# Exercise prompt
Give again exactly the lines that stretch from the one with "this 1800×1201 image." to the end of the data below, including both of those lines and nothing else.

Collection entries:
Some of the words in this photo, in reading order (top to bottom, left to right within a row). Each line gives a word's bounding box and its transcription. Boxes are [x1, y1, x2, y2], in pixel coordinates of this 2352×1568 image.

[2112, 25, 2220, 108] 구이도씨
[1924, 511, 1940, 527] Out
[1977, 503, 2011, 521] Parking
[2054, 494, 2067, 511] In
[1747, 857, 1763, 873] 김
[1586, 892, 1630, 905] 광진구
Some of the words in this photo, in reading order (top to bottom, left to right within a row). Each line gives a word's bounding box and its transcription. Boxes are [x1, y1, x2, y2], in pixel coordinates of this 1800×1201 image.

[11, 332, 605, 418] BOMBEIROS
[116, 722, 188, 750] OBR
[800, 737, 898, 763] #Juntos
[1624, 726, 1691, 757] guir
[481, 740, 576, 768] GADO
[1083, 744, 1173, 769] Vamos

# Your response
Some of the words in this photo, in reading order (top to bottom, left to right within a row). Each line gives a word's bounding box and its transcription. Boxes are [x1, y1, x2, y2], in pixel coordinates of this 1800×1201 image.

[11, 332, 605, 418] BOMBEIROS
[116, 722, 188, 750] OBR
[800, 737, 898, 763] #Juntos
[1624, 726, 1691, 757] guir
[481, 740, 576, 768] GADO
[1083, 744, 1173, 769] Vamos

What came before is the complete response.